VLU affects patients' lives due to pain, difficulty with locomotion, exudate, odor, and repeated hospital visits. It has been proven that multilayered compression bandages, achieving 20 to 30 mm Hg of pressure, effectively reduce venous hypertension, and lead to effective ulcer healing. HBOT has also been shown to be beneficial for VLU in retrospective single-arm studies. This randomized control trial exhibits significant ulcer size reduction and improvement in quality of life in both arms. However, the addition of HBOT to standard 4LCB therapy significantly reduces the mean post-therapy ulcer size and improves post-therapy quality of life in patients with VLU compared with 4LCB therapy alone. There is scope of further studies on the effects of various HBOT regimens on ulcer healing and the use of HBOT in combination with venous surgeries.

Introduction

Hard-to-heal leg ulcers represent a serious clinical problem, adversely impacting the quality of life of patients and healthcare costs.[1] The most common etiologies of these ulcers are elevated venous pressure, turbulent flow, and inadequate venous return. To combat the elevated regional pressure, local compression is the go to therapy. A Cochrane review of 39 randomized control trials comparing different wound dressings for venous leg ulcers (VLU) concluded that compression dressings significantly speed up wound healing.[1] Compression dressings consist of a non-stick padding to protect the wound, a cotton/crepe layer for padding and absorption, an elastic compression bandage, and a cohesive, self-adherent bandage to secure the system and provide additional compression. They also found that multiple layers of compression, with one layer being elastic and achieving 20 to 30 mm Hg of pressure, effectively reduce venous hypertension, and lead to effective ulcer healing.[1] However, despite the proven efficacy of multilayer compression therapy, approximately 30% of VLUs remain still open at 6 months and 18 to 28% persist after even 1 year.[2] There is no consensus about which second- and third-line therapies are the best.

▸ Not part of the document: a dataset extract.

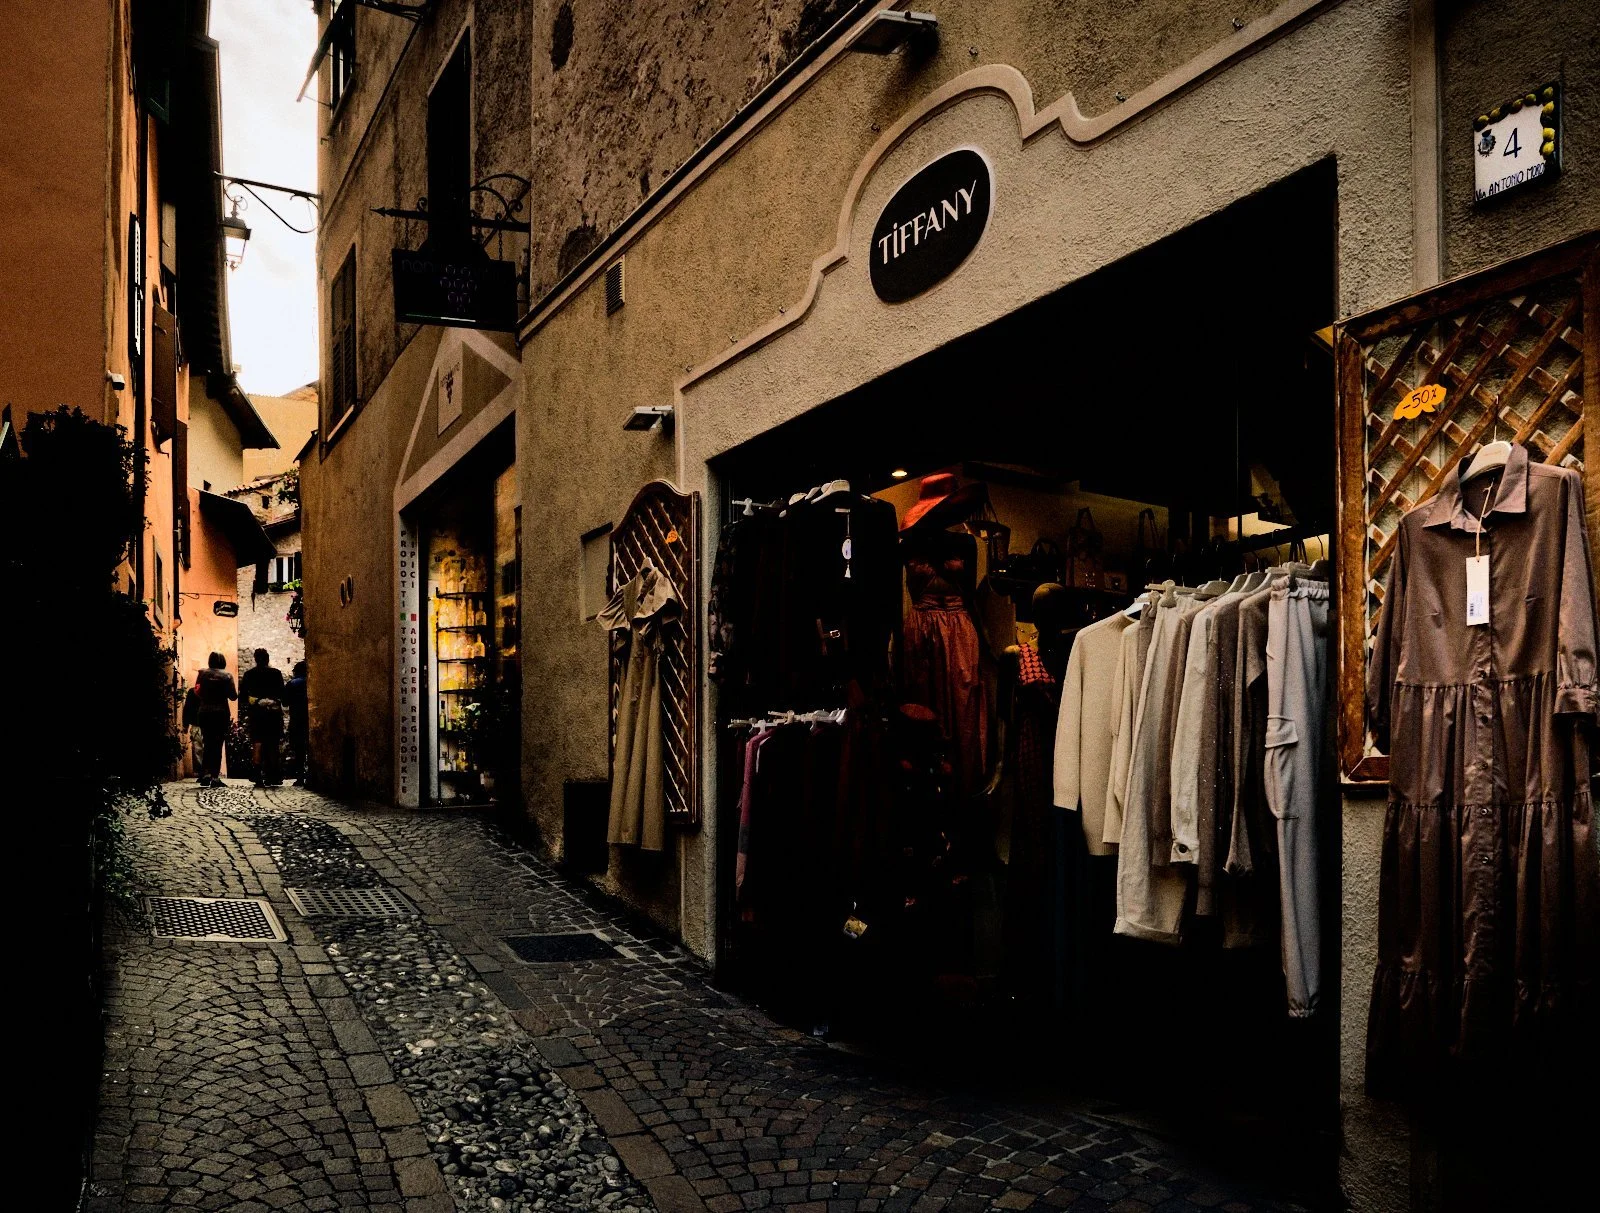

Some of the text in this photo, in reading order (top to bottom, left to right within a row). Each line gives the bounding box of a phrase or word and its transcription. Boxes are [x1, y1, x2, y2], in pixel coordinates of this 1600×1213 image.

Hyperbaric oxygen therapy (HBOT) involves the administration of 100% oxygen in hyperbaric chambers (1.5–2.8 atmospheres absolute, ATA) for 60- to 120-minute per session, for a total of 15 to 30 sessions (5–6 sessions/week). Hammarlund et al and Thistlethwaite et al have showed the beneficial effect of HBOT in reducing the wound size of VLUs compared with hyperbaric air.[2] [3] Longobardi et al showed that the ulcer area reduced with HBOT.[4] Bai et al pooled the results of previous studies and published a meta-analysis showing that HBOT combined with surgery definitely reduced ulcer healing time and ulcer area.[5] But, HBOT in combination with non-surgical treatments was associated with higher ulcer percent area reduction, without a statistically significant improvement in absolute ulcer area.[5]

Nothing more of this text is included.